December 03, 2013
Wanted: Asia-Pacific Strategy Guidance for the Interagency...and Congress
Thanks to the CNAS team for letting me share some brief thoughts on your new blog. While many think tanks in Washington have become more about the marketing of ideas and less about the research of ideas lately, I am glad to be able to count on think tanks like CNAS to continue the tradition of independent analysis that has enriched the policymaking process in town the last half-century.

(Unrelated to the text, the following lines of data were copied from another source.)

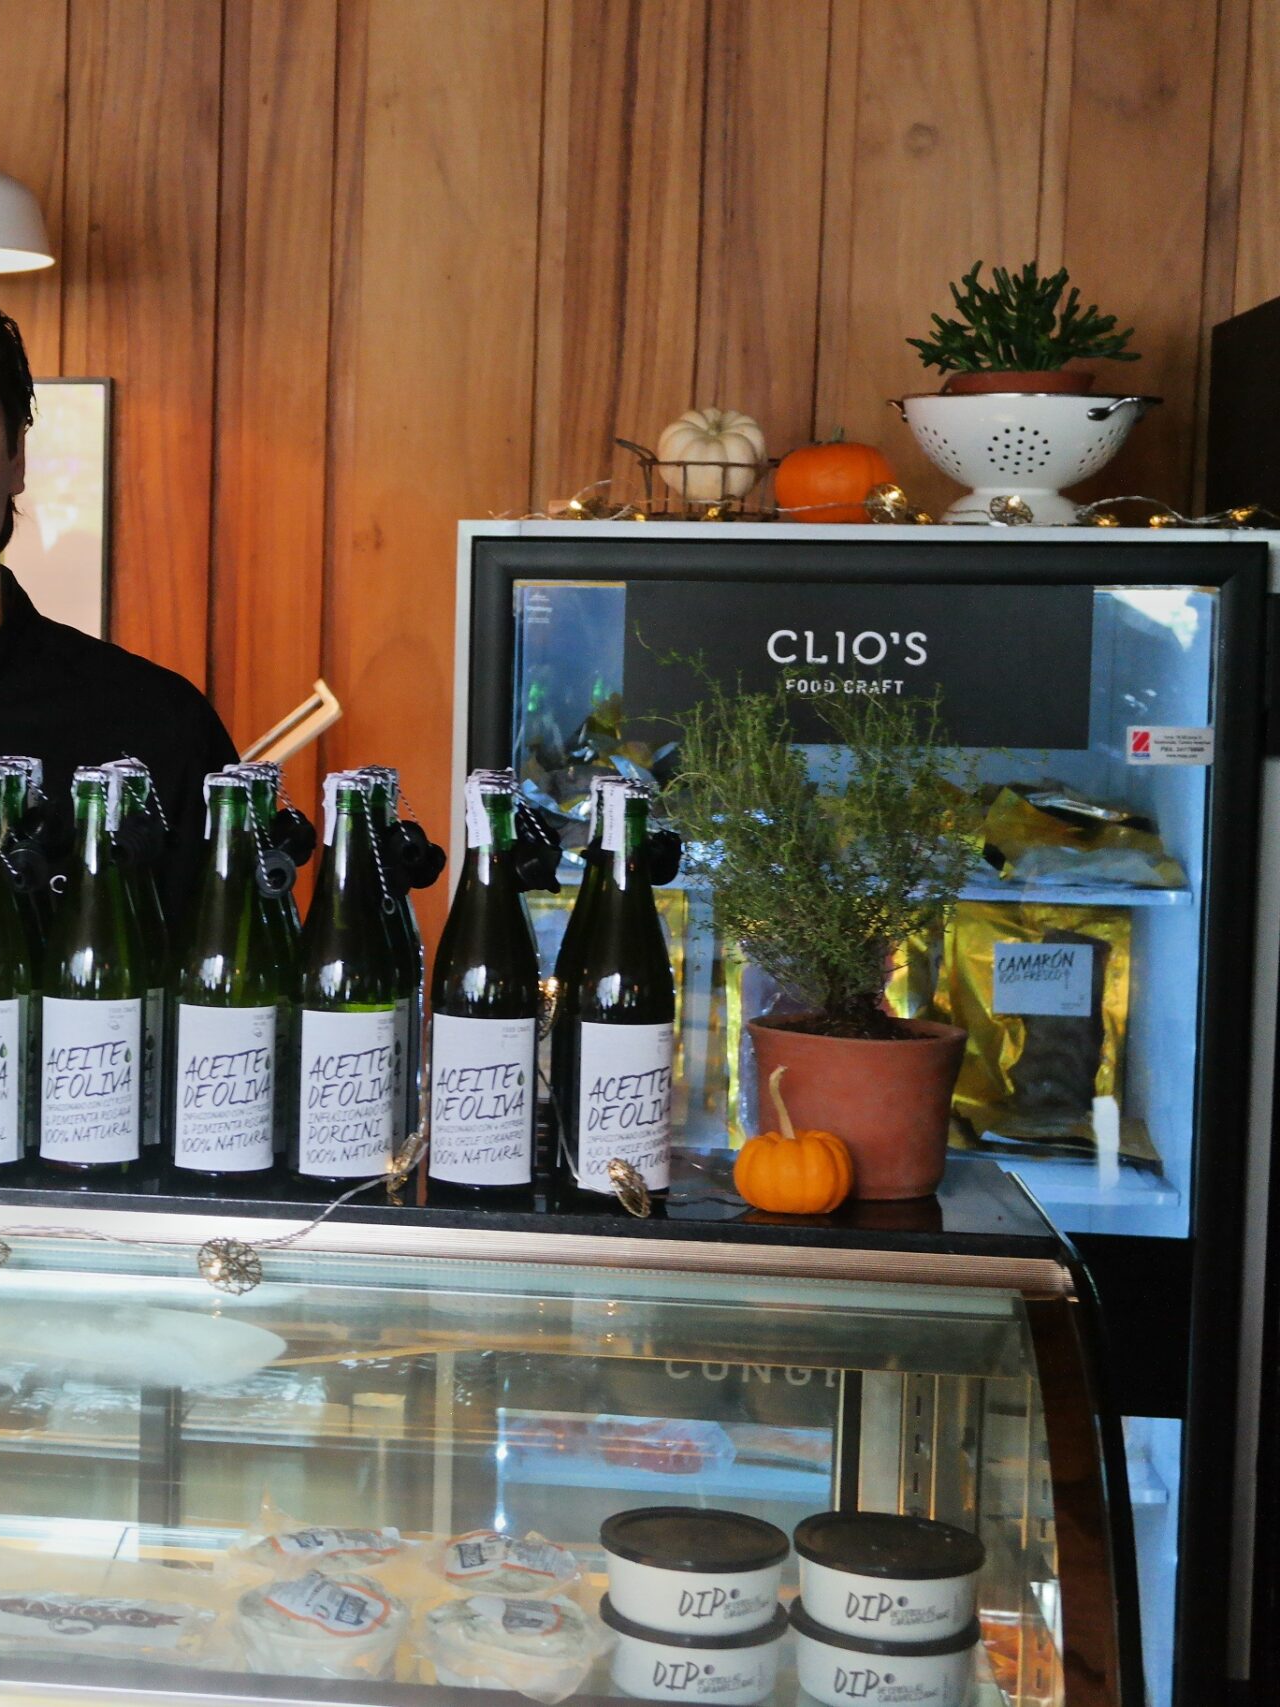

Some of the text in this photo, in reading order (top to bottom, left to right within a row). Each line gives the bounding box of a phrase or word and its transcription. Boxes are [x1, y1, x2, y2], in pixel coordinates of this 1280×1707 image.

[766, 629, 928, 666] CLIO'S
[785, 679, 904, 695] FOOD CRAFT
[998, 948, 1075, 972] CAMARÓN
[46, 1040, 127, 1073] ACEITE
[185, 1047, 268, 1081] ACEITE
[308, 1045, 390, 1082] ACEITE
[46, 1076, 69, 1100] DE
[70, 1065, 132, 1098] OLIVA
[184, 1075, 271, 1109] DE OLIVA
[308, 1073, 392, 1109] DE OLIVA
[437, 1063, 520, 1096] ACEITE
[588, 1066, 670, 1104] ACEITE
[435, 1088, 524, 1121] DE OLIVA
[587, 1105, 619, 1131] DE
[72, 1120, 132, 1143] NATURAL
[306, 1118, 383, 1145] PORCINI
[461, 1144, 524, 1165] NATURAL
[586, 1158, 608, 1176] 100
[678, 1587, 726, 1619] DIP
[845, 1591, 893, 1622] DIP
[653, 1661, 700, 1691] DIP
[834, 1667, 880, 1698] DIP

It is no surprise that after a decade of operations in the Middle East it will take a considerable effort from our government and think tanks to begin to shift our time, energy, and resources to the new questions that will define American security in the next decade. One area that I believe deserves considerable intellectual rigor is the Asia-Pacific. While the news from this region may not capture the headlines with the same tenacity that that Middle East and North Africa tend to receive, the long-term trend lines in economics, military power, governance, and energy policy all stand to ensure this region will be ripe for both great power competition and cooperation. I commend the Obama Administration for instigating an effort to shift our attention there, but I believe strongly that this effort will only be successful if Congress is able to conduct a ‘rebalance’ of our own to ensure the region gets the sustained oversight and necessary resources that will be required.

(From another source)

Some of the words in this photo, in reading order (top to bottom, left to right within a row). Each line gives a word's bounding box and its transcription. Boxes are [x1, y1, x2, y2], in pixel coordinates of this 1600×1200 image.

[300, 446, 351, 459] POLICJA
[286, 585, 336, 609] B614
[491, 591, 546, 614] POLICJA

But while the Obama administration has adopted the right “logic” for our renewed emphasis on the region, they have been short on formalizing the “grammar,” or the details, of how they plan to execute this effort. This past summer I sent a bipartisan letter to National Security Advisor Susan Rice encouraging the White House to do just that - conduct a formal, interagency strategy-review for the Asia-Pacific. I was pleased to see that a recent report by CNAS’s Dr. Ely Ratner echoed our letter’s recommendation, concluding that “White House guidance is sorely needed to ensure that military and operational planning is appropriately in sync with diplomatic and political goals...The National Security Staff should prepare a formal strategy for the U.S. rebalancing to Asia, signed by the President, to provide a single official source on U.S. interests, strategy, and priorities in the region.”

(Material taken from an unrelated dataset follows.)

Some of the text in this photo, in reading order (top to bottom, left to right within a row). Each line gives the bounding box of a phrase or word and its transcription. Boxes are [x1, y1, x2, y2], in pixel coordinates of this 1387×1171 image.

Like Dr. Ratner, I believe an Asia-Pacific Strategy Review is required not only so that departments and agencies across the U.S. Government can have the authority to think and act creatively within a robust interagency system, but also to communicate to the Congress the breadth of resources that will be required to implement this strategy. Unfortunately, the Administration continues to reject such a proposal and instead has allowed the rest of the U.S. Government and officials in Asian capitals to try and parse policy from a disparate collection of speeches, interviews, and articles. With questions lingering both here in Washington and in Asian Capitals about the Administration’s commitment to ‘rebalance’ our attention to the region, now is the perfect time to conduct such a review and build some positive momentum in the region for the remaining three years of the President’s term.
Rep. Forbes is Chairman of the House Armed Services Seapower and Projection Forces subcommittee and Chairman of the Congressional China Caucus. He is currently co-leading a bipartisan Asia-Pacific Security Series for the House Armed Services Committee.